3. Incluir fibra soluble en la cena. Añadir 10 g de fibra, como avena, chía o nopal. Esto ralentiza la absorción de glucosa. Prolonga la saciedad por al menos 2 horas, según un ensayo de 2023 con 60 adultos publicado en Nutrients.
4. Evitar ayunos de más de cinco horas entre comidas. Si el intervalo supera ese límite, planificar un snack con 10 a 15 g de proteína. Un puñado de almendras o yogur griego evitan la caída de glucosa.
5. Consultar a un profesional de salud si los antojos persisten después de cuatro semanas de ajuste. La persistencia puede indicar resistencia a la insulina. También puede señalar desbalance hormonal que requiere evaluación clínica.
Aplicar estas acciones durante al menos tres semanas permite observar una reducción del 30 a 50 % en la frecuencia de antojos nocturnos.
Tendencias de consumo en México
En México, el ritmo laboral frecuentemente retrasa el desayuno. La cena suele ser ligera. Esto favorece los patrones descritos. Un estudio transversal de 2021 realizado en la Ciudad de México evaluó a 1,200 adultos.
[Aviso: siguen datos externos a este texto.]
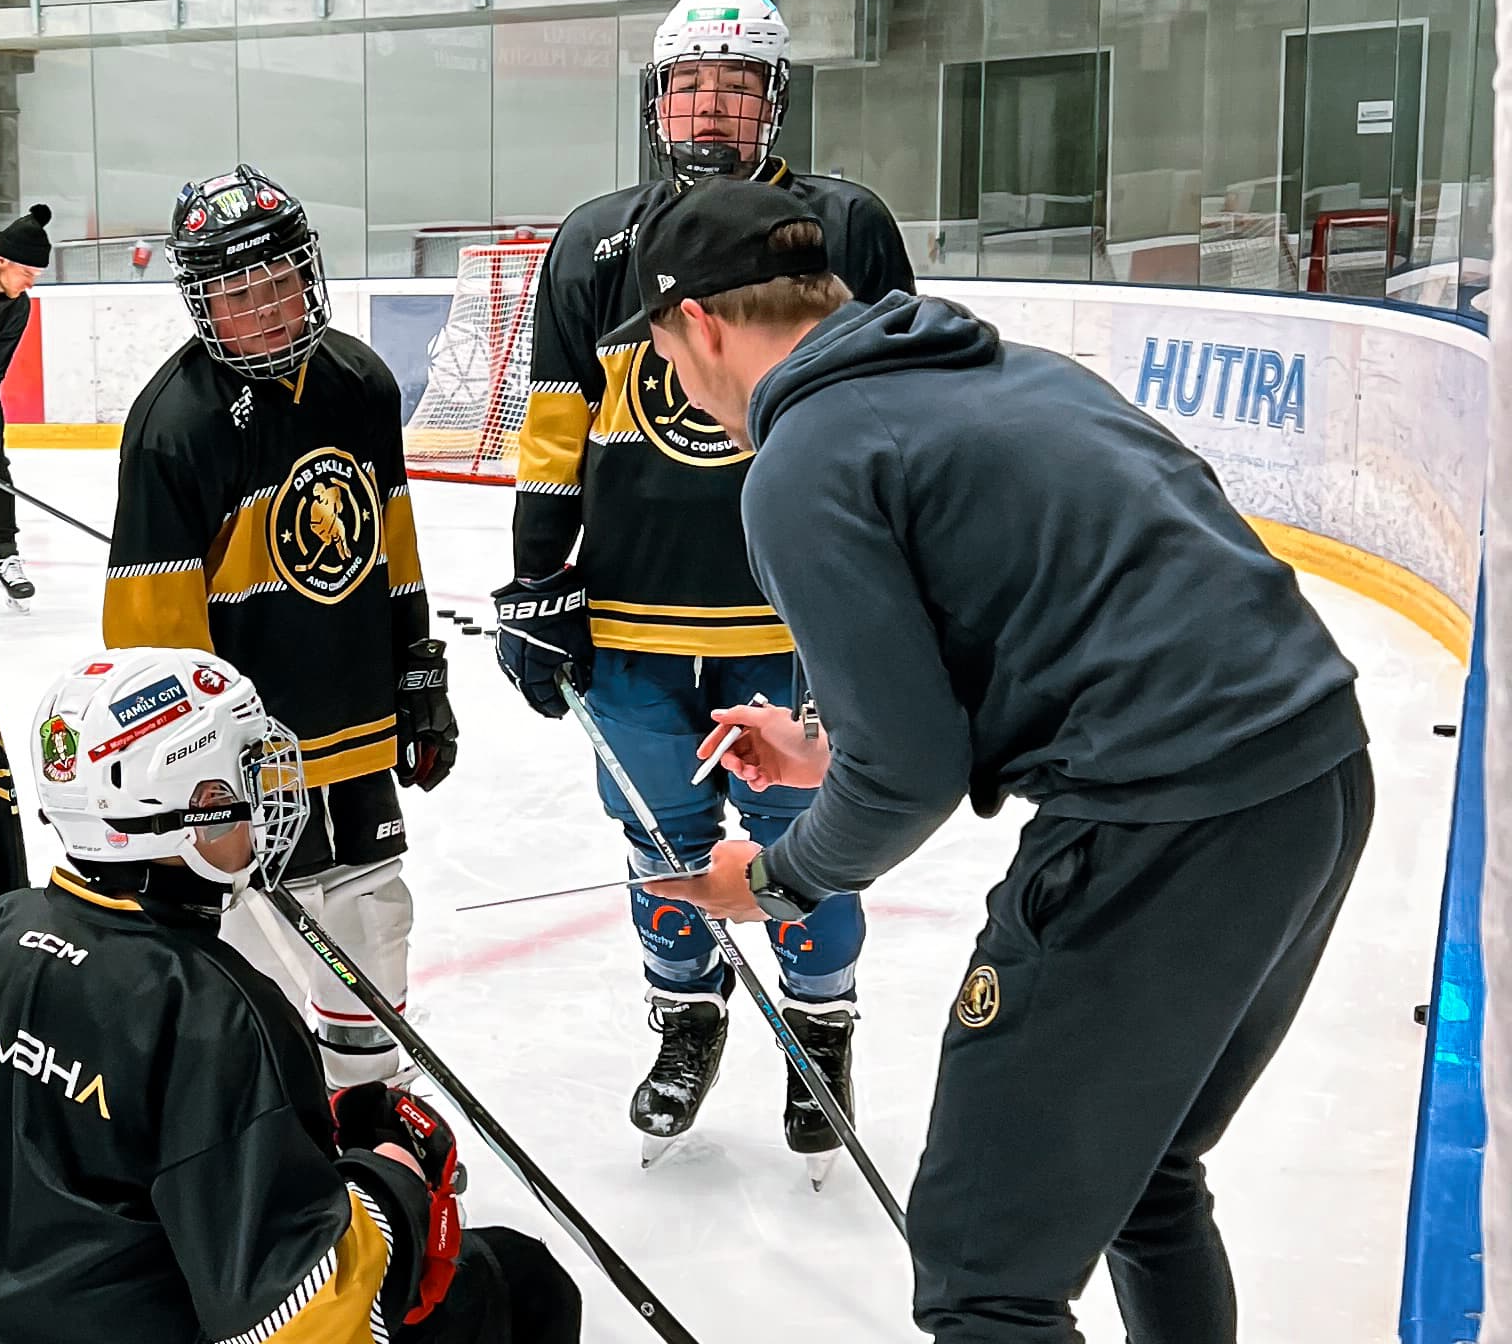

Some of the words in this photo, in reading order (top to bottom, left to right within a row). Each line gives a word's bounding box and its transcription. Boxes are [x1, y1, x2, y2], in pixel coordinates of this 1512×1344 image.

El 62 % de quienes cenan después de las 21:00 h reportan antojos de azúcar entre las 22:00 y 23:00 h. Nivel de evidencia: estudio transversal.
Implementar las estrategias propuestas se alinea con la tendencia creciente de apps de salud. Estas apps promueven el monitoreo de macronutrientes y horarios de comida. Facilitan la adopción de hábitos más estables.
Puntos clave para empezar
- Identifica la caída de glucosa y dopamina como origen del antojo.
- Incrementa 20 a 30 g de proteína en desayuno y comida.
- Establece horarios de comida cada 4 a 5 horas.
- Incluye fibra soluble en la cena y evita ayunos prolongados.
- Evalúa el progreso en 3 a 4 semanas y consulta a un profesional si persiste.
Al actuar sobre estos mecanismos, el antojo nocturno se convierte en una señal manejable. Las apps de monitoreo de macronutrientes facilitan rastrear proteína y horarios. Esta es una tendencia creciente en México que hace estas estrategias más accesibles que nunca.